* ACTIVITY
Each record should be retyped word for word.

*** SOURCE INFORMATION ***

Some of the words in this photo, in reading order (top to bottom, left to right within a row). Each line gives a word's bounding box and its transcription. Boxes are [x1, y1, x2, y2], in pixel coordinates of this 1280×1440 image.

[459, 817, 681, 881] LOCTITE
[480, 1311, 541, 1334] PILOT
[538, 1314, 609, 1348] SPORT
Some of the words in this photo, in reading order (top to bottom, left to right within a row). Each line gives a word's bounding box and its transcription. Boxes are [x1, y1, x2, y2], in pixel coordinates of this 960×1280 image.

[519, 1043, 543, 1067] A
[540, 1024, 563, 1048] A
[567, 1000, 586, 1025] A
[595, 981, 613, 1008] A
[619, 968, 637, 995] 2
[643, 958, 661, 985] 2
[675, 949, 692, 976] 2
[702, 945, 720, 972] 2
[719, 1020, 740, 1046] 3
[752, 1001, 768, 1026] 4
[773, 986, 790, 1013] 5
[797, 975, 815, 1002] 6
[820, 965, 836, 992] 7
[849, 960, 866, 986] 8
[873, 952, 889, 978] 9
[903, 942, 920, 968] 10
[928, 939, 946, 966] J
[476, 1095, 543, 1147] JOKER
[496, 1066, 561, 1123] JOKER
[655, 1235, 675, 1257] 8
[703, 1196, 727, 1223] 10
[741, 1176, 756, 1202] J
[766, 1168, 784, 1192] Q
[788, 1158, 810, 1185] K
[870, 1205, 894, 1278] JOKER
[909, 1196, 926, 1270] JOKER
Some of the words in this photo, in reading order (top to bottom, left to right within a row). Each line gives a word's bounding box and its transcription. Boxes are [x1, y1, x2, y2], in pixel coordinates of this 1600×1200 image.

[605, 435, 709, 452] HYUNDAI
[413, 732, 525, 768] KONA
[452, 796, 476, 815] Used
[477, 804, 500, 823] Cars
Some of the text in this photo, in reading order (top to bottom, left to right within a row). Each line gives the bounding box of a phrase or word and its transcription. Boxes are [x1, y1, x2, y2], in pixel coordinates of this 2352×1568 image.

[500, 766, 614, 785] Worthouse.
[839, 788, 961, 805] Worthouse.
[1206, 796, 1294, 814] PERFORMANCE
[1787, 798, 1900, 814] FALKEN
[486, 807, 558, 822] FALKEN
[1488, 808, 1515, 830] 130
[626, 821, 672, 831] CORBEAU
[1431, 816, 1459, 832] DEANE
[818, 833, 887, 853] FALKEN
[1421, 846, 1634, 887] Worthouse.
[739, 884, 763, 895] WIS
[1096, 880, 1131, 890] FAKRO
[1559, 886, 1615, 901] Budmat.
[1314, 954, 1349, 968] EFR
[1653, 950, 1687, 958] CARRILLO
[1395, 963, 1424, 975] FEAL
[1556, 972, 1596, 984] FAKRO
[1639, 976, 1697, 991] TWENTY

***

* PROBLEM SOLUTION
Some of the words in this photo, in reading order (top to bottom, left to right within a row). Each line gives a word's bounding box and its transcription. Boxes are [x1, y1, x2, y2], in pixel coordinates of this 1280×1440 image.

[459, 817, 681, 881] LOCTITE
[480, 1311, 541, 1334] PILOT
[538, 1314, 609, 1348] SPORT
Some of the words in this photo, in reading order (top to bottom, left to right within a row). Each line gives a word's bounding box and its transcription. Boxes are [x1, y1, x2, y2], in pixel coordinates of this 960×1280 image.

[519, 1043, 543, 1067] A
[540, 1024, 563, 1048] A
[567, 1000, 586, 1025] A
[595, 981, 613, 1008] A
[619, 968, 637, 995] 2
[643, 958, 661, 985] 2
[675, 949, 692, 976] 2
[702, 945, 720, 972] 2
[719, 1020, 740, 1046] 3
[752, 1001, 768, 1026] 4
[773, 986, 790, 1013] 5
[797, 975, 815, 1002] 6
[820, 965, 836, 992] 7
[849, 960, 866, 986] 8
[873, 952, 889, 978] 9
[903, 942, 920, 968] 10
[928, 939, 946, 966] J
[476, 1095, 543, 1147] JOKER
[496, 1066, 561, 1123] JOKER
[655, 1235, 675, 1257] 8
[703, 1196, 727, 1223] 10
[741, 1176, 756, 1202] J
[766, 1168, 784, 1192] Q
[788, 1158, 810, 1185] K
[870, 1205, 894, 1278] JOKER
[909, 1196, 926, 1270] JOKER
Some of the words in this photo, in reading order (top to bottom, left to right within a row). Each line gives a word's bounding box and its transcription. Boxes are [x1, y1, x2, y2], in pixel coordinates of this 1600×1200 image.

[605, 435, 709, 452] HYUNDAI
[413, 732, 525, 768] KONA
[452, 796, 476, 815] Used
[477, 804, 500, 823] Cars
Some of the text in this photo, in reading order (top to bottom, left to right within a row). Each line gives the bounding box of a phrase or word and its transcription. Boxes are [x1, y1, x2, y2], in pixel coordinates of this 2352×1568 image.

[500, 766, 614, 785] Worthouse.
[839, 788, 961, 805] Worthouse.
[1206, 796, 1294, 814] PERFORMANCE
[1787, 798, 1900, 814] FALKEN
[486, 807, 558, 822] FALKEN
[1488, 808, 1515, 830] 130
[626, 821, 672, 831] CORBEAU
[1431, 816, 1459, 832] DEANE
[818, 833, 887, 853] FALKEN
[1421, 846, 1634, 887] Worthouse.
[739, 884, 763, 895] WIS
[1096, 880, 1131, 890] FAKRO
[1559, 886, 1615, 901] Budmat.
[1314, 954, 1349, 968] EFR
[1653, 950, 1687, 958] CARRILLO
[1395, 963, 1424, 975] FEAL
[1556, 972, 1596, 984] FAKRO
[1639, 976, 1697, 991] TWENTY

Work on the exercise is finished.